* EXERCISE
The entries below are to be reproduced exactly, with their pictures omitted.

^^^^^^^^

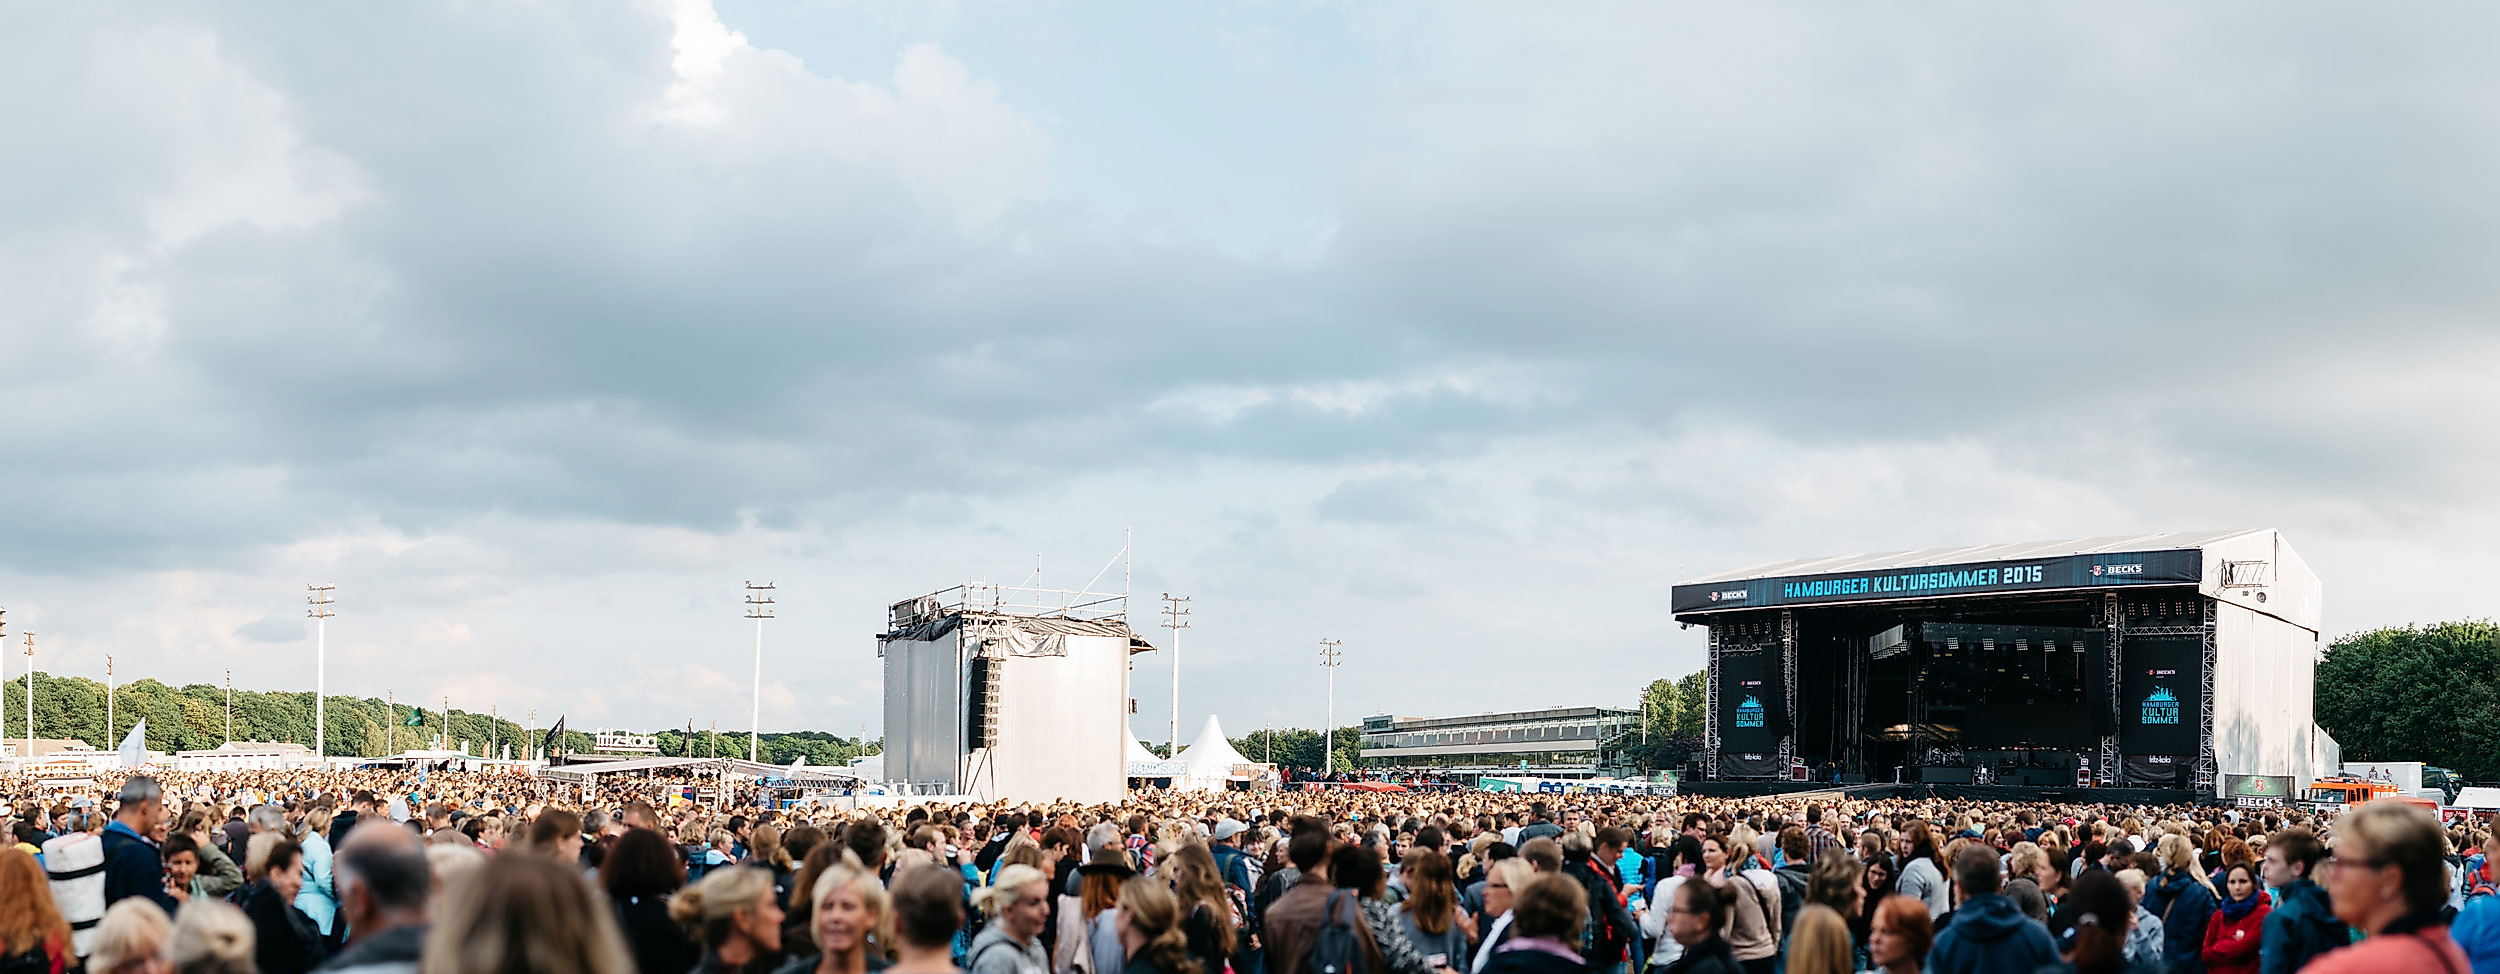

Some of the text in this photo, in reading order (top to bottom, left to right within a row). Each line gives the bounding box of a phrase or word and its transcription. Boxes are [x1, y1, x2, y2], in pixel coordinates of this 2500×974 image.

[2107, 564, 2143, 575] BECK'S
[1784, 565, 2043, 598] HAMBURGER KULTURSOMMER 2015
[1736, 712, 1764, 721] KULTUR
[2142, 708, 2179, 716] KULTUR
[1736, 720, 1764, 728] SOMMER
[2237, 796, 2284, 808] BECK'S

^^^^^^^^

* RESULT OF THIS TASK
Some of the text in this photo, in reading order (top to bottom, left to right within a row). Each line gives the bounding box of a phrase or word and its transcription. Boxes are [x1, y1, x2, y2], in pixel coordinates of this 2500×974 image.

[2107, 564, 2143, 575] BECK'S
[1784, 565, 2043, 598] HAMBURGER KULTURSOMMER 2015
[1736, 712, 1764, 721] KULTUR
[2142, 708, 2179, 716] KULTUR
[1736, 720, 1764, 728] SOMMER
[2237, 796, 2284, 808] BECK'S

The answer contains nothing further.